How very complete and how very modern!

THEODORE S. WOOLSEY.

THE NOBEL PEACE PRIZE

On December 10, 1917, the Nobel Committee awarded the peace prize for that year to the International Red Cross Committee of Geneva.. This is one of five prizes established by the late Alfred Bernhard Nobel, a distinguished Swedish scientist, who died in 1896, and was known during his lifetime as the inventor of dynamite. In his last will and testament, dated November 27, 1895, he set aside his fortune as a fund, the income from which was to be divided into five equal portions, and awarded annually as prizes to those who had distinguished themselves in accordance with the following provisions of his will:

All the remainder of the convertible fortune that I shall leave on my death shall be disposed of as follows: the principal, converted by the executors of my will

into safe investments, shall constitute a fund, the interest on which shall be distributed annually as a reward among those persons who shall have rendered the greatest services to mankind during the preceding year. The sum shall be divided into five equal parts, one of which shall be awarded to the person who shall have made the most important discovery or invention in the field of physical sciences; another to the person who shall have made the most important discovery or introduced the best improvement in chemistry; a third to the person who shall have made the most important discovery in the field of physiology or medicine; a fourth to the person who shall have produced the most remarkable literary work from an idealistic point of view; finally, a fifth to the person who shall have done most or the best work in the interest of the brotherhood of peoples, of the abolition or reduction of standing armies, as well as of the formation and propagation of peace congresses. The prizes shall be awarded as follows: in physics and chemistry by the Swedish Academy of Sciences; in physiology or medicine by the Carolin Institute of Stockholm; in literature by the Stockholm Academy; finally, in the cause of peace by a committee of five members elected by the Norwegian Storthing.
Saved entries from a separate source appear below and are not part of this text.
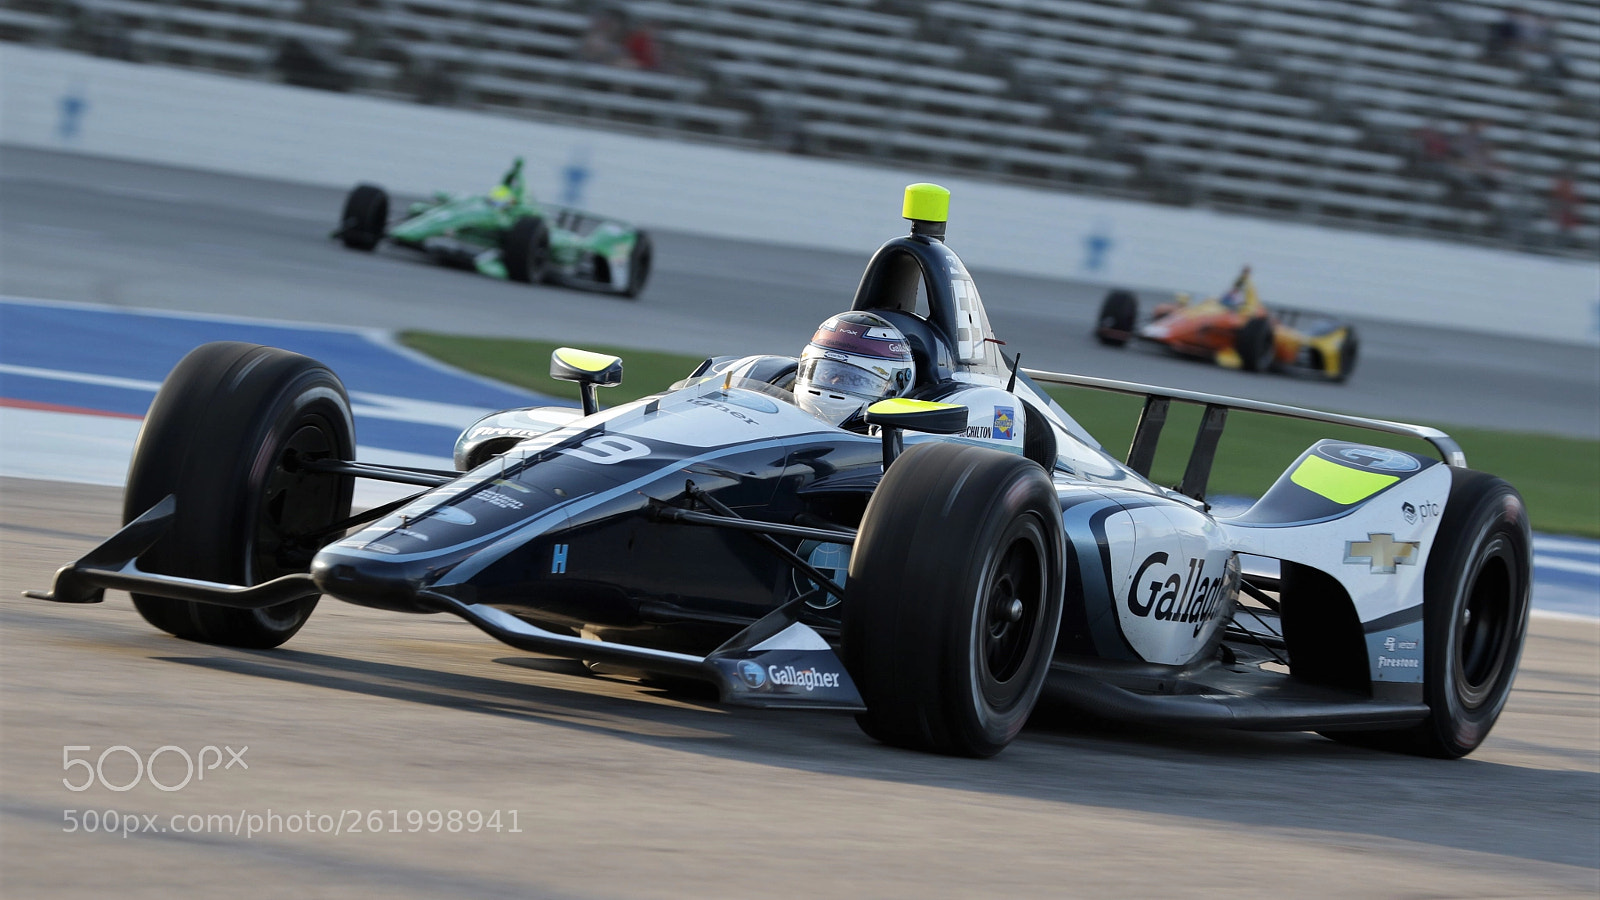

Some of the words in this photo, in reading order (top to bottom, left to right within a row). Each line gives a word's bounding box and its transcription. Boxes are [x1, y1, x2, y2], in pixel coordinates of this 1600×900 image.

[966, 426, 992, 438] CHILTON
[1419, 500, 1440, 523] ptc
[551, 543, 569, 574] H
[1127, 551, 1229, 639] Gallag
[1378, 656, 1419, 669] Firestone
[768, 664, 840, 692] Gallagher
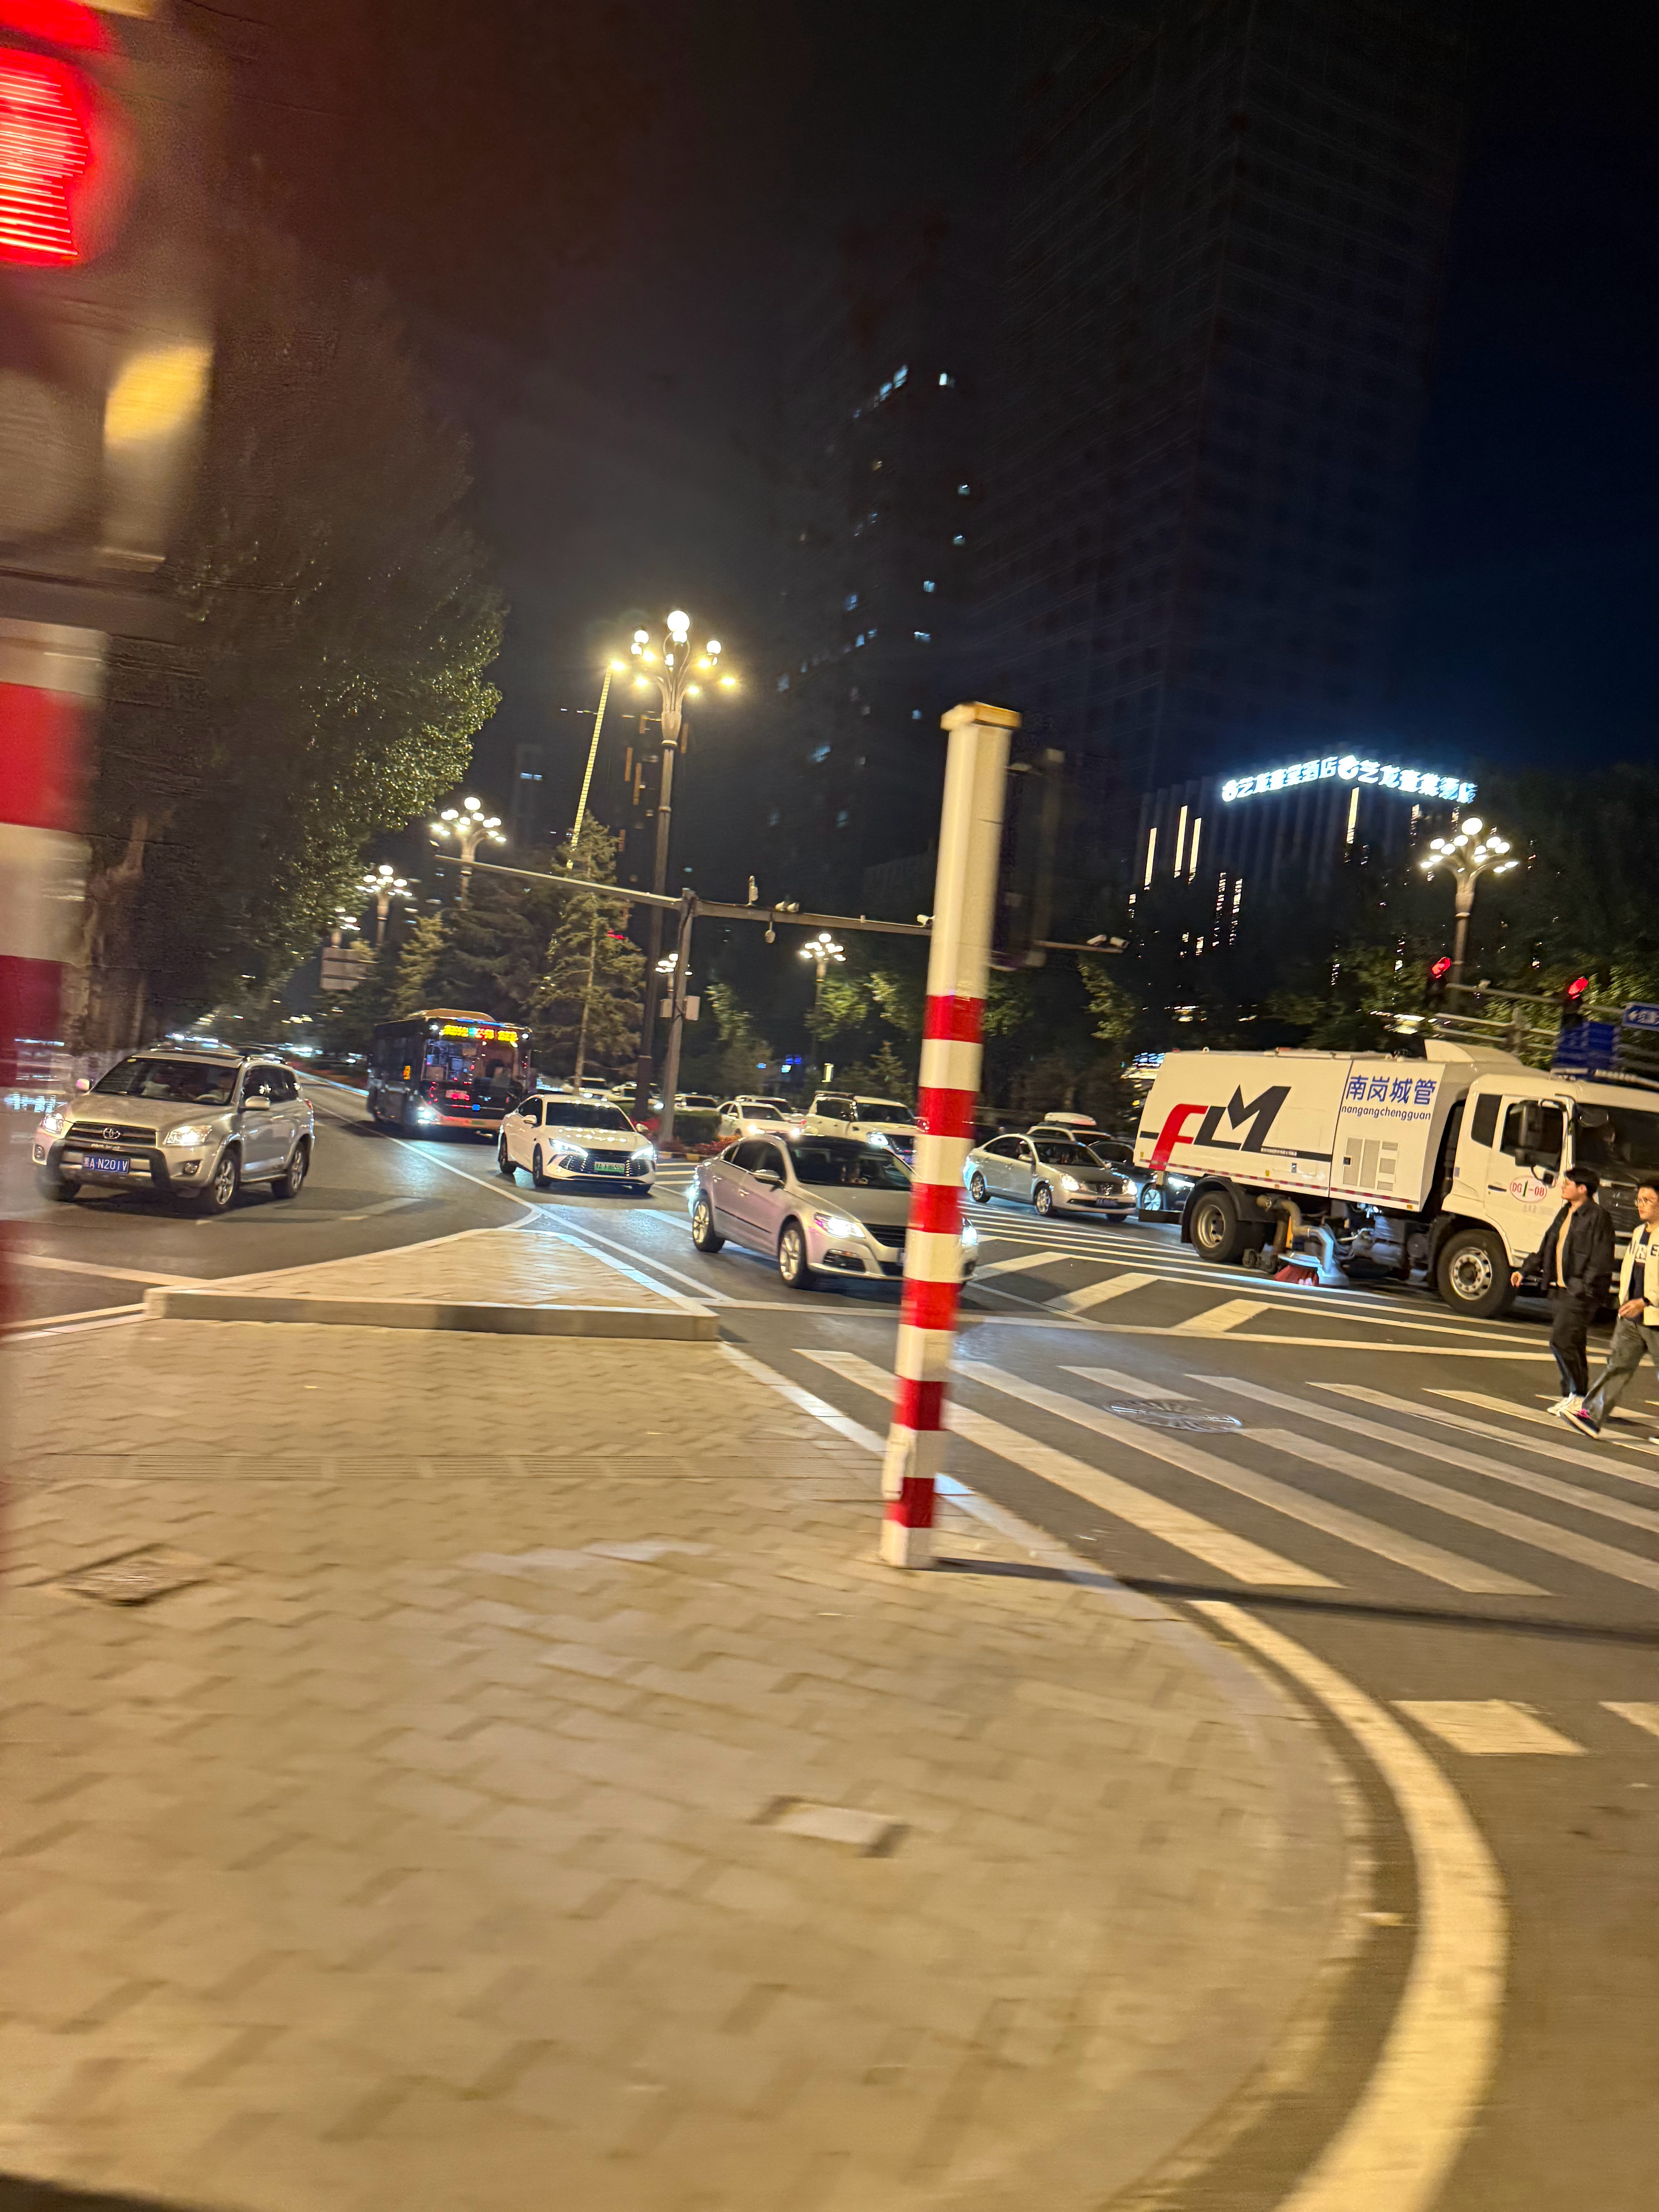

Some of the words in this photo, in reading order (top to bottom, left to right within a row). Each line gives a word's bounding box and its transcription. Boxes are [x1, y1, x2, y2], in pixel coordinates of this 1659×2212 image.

It is my express will that nationality shall not be taken into account in conferring the prizes, so that the prize may go to the most deserving, whether he be a Scandinavian or not.

The amount of the fortune is estimated at nine million dollars, and the prize at approximately forty thousand dollars.

In the distribution of the peace prizes, the Nobel Committee has exercised a wise discretion, sometimes awarding it to an individual, sometimes dividing it between two held to have equal claims upon it, and sometimes to institutions, such as the Institute of International Law and the Permanent International Peace Bureau at Bern, so that there are two precedents for its award to the International Red Cross Committee of Geneva.

It is interesting to note in this connection that the first award was divided between Henry Dunant and Frédéric Passy, and that the Red Cross movement, of which the International Red Cross Committee of Geneva is the chief and supervising body, owes its origin to the activity of Henry Dunant. He was a physician, who happened to be present in Italy at the battle of Solferino, in 1859, between France and Austria, and he was so impressed with the lack of attention to the wounded that he published a little work in 1862, entitled A Souvenir of Solferino. This pamphlet created a profound impression, and advocated the treatment of wounded by neutrals, as well as belligerents. The idea was adopted by the Society of Public Utility of Geneva, of which Mr. Gustave Moynier was president, and by means of this society and the coöperation of these two benefactors of their kind, the Red Cross. Societies have been called into being and to their initiative all inter

national conventions dealing with the subject are due. The International Red Cross Committee, to which the prize of 1917 has been appropriately awarded, is not an official body in the sense that it sustains official relations to the various Red Cross Societies created and existing in the different countries of the world.. It is, however, regarded by them as a parent society and is accorded a moral leadership. It publishes an international bulletin of the Red Cross Societies, by means of which it keeps in touch with the national societies. It calls the international conferences, of which there have been nine, the first meeting in Paris, in 1867, and the last in Washington, in 1912, under the auspices of the Government of the United States.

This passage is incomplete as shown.